Jogou de lado o livro, que nem sabia mais sobre o que se tratava, e caminhou até a janela suja de poeira. Viu um céu nublado, com um sol laranja sumindo perigosamente atrás das elevações da serra que circundava a cidade.

A rua quase não tinha movimento. A cidade era sonolenta e desagradavelmente previsível, como sempre fora. Modorrenta e abafada de tarde, melancolicamente fria de noite.

Roberto viu alguém na distância da rua, passando apressadamente por entre as árvores de uma praça triste. De pronto, reconheceu Maria, com sua beleza rechonchuda e seu olhar atento. E sua irritante previsibilidade, igualzinha àquela cidade que já lhe começava a dar ânsias de não sabia o quê.

Roberto levou, para descer as escadas e ir até a porta, o mesmo tempo que Maria levou para chegar ao mesmo lugar, vindo pela calçada cinzenta. Abriu a porta, fazendo-a estacar a três metros de distância.
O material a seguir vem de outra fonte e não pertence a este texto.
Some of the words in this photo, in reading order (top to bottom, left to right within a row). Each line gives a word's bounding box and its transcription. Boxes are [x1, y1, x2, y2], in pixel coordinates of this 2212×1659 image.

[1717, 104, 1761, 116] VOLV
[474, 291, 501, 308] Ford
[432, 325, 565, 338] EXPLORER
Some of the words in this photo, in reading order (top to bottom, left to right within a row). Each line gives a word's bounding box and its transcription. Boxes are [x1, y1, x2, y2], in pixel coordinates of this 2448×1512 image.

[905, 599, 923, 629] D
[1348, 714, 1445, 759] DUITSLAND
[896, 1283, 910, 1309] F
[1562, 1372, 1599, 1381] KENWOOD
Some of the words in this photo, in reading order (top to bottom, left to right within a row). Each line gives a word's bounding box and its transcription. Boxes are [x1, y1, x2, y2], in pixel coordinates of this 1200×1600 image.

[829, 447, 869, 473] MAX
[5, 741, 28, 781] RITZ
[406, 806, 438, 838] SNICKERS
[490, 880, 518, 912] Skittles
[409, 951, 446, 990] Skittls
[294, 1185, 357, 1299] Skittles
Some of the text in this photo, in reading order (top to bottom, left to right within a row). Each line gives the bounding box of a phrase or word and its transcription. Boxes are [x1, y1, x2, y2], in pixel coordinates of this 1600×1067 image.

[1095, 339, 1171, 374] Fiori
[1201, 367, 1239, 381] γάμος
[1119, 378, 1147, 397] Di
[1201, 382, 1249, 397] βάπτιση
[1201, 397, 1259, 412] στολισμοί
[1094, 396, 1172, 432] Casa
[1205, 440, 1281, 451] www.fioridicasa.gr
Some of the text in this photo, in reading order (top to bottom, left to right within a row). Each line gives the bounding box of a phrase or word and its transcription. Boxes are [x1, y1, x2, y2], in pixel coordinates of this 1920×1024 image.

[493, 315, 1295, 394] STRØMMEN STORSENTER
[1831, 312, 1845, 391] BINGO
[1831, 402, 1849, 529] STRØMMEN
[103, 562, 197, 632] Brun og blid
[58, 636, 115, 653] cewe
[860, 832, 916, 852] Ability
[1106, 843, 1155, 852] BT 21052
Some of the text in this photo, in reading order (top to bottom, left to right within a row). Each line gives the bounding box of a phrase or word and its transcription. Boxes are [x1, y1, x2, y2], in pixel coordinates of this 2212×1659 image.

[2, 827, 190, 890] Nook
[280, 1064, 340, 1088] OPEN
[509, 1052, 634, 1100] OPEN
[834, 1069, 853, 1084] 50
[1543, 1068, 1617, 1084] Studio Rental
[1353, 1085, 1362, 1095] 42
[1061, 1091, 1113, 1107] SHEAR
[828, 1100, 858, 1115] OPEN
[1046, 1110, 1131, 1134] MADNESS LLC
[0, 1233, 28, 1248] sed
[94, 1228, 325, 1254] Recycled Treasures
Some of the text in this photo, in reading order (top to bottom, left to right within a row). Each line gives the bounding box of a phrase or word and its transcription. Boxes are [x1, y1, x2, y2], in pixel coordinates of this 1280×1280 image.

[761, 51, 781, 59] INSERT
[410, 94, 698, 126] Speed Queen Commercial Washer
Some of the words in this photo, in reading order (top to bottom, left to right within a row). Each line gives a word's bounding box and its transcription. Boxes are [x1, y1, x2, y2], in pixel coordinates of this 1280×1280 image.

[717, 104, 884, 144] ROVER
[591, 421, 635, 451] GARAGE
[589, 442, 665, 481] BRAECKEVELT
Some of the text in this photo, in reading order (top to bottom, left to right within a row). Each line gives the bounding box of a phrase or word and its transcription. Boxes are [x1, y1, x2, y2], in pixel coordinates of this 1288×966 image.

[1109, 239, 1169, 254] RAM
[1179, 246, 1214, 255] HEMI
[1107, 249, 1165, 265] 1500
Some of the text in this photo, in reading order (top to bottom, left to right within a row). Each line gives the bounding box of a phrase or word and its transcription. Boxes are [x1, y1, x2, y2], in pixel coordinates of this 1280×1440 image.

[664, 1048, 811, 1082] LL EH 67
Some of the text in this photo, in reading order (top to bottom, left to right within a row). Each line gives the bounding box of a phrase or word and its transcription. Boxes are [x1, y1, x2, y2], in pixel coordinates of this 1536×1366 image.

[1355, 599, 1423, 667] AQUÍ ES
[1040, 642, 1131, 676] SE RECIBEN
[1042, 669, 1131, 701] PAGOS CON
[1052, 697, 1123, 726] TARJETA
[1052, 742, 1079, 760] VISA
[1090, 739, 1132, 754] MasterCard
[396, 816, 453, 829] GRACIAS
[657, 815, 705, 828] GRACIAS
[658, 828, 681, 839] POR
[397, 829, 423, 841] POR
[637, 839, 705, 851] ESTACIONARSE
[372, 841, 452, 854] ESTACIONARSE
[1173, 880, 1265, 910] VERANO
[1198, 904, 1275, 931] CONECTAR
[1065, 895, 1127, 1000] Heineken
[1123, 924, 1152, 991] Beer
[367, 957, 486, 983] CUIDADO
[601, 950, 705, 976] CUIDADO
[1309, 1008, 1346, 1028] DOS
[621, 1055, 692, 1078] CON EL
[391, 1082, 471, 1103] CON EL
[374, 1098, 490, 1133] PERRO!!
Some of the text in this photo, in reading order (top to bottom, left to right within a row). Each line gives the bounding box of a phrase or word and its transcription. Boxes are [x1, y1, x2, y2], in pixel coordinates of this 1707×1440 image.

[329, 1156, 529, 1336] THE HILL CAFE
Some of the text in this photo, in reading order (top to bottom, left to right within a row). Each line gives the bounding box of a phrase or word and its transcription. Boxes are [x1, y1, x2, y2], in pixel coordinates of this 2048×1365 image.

- Roberto - disse ela, com um sorriso doce. - Eu me perguntava se você estaria em casa.

- Como quase sempre a esta hora - respondeu ele, com um sorriso triste. - Quer algo para beber? Não me diga que tem horário.

E Maria, irritantemente previsível, aceitou o convite com uma animação juvenil. Roberto acenou com a cabeça para que ela entrasse. Suspirando, bateu a porta atrás de si, pensando no que exatamente o levava a convidá-la.

O que ele, um chato metido a acadêmico, enjoado bebedor de uísque, fazia convidando aquela jovem previsível e lampeira para tomar algo? Talvez fosse só uma droga que o ajudasse a suportar a angústia e a melancolia aterradoras.

Enquanto ela sentava na poltrona da sala, fitando avidamente seu anfitrião, Roberto se deteve, vendo pela janela as nuvens, que pareciam estar em movimento acelerado. Por um momento, Roberto sentiu o tempo passar rápido e o movimento do sol parecia claramente visível no meio do rajar de nuvens cinzentas.

- Sei o que está pensando - disse ela.

Roberto voltou-se para sua convidada com visível espanto. Nunca ela dissera algo assim; sempre, previsível que era, sempre perguntava no que ele estava pensando.

- O que estou pensando? - inquiriu ele, aproximando-se lentamente.

- Nós dois somos muito solitários - disse ela, com os olhos semicerrados e fixos no olhar dele. - Angustiados. Ansiosos. Melancólicos.

Roberto estava estupefato.

- Nunca vi você falar assim. E também não vejo você como uma pessoa assim. - sentou-se na poltrona em frente à dela, sem recostar.

Ela sorriu enigmaticamente, suspirando em seguida.

- Quero um chá - disse apenas, afastando uma franja de cabelo rebelde.

- Quero um uísque - ele respondeu, sem se mover.

Ela riu brevemente, mantendo o sorriso no rosto enquanto se levantava. Foi até ele, empurrou-o para trás na poltrona e montou nele rapidamente, sufocando seu anfitrião com um beijo lascivo que ele mal conseguiu compreender, mas retribuiu com sofreguidão.

- O que está acontecendo? - Roberto, arfando, não entendia.

- Você não consegue conceber que eu faça algo diferente de vez em quando? - perguntou ela, sorrindo e alisando o rosto dele. - Recomponha-se e aproveite. O que acha de mim hoje, tomando a iniciativa?

- Deliciosamente surpreendente - disse ele, beijando-a com volúpia novamente.

Beijaram-se por minutos, sem uísque, sem chá, pensando em como se gostavam secretamente, mas como também não deixavam de se sentir solitários, mesmo num momento de tanta intimidade.

No horizonte, o sol terminou seu caminho e a cidade encerrou mais um dia melancólico, desconhecendo a volúpia daqueles tão sombrios amantes.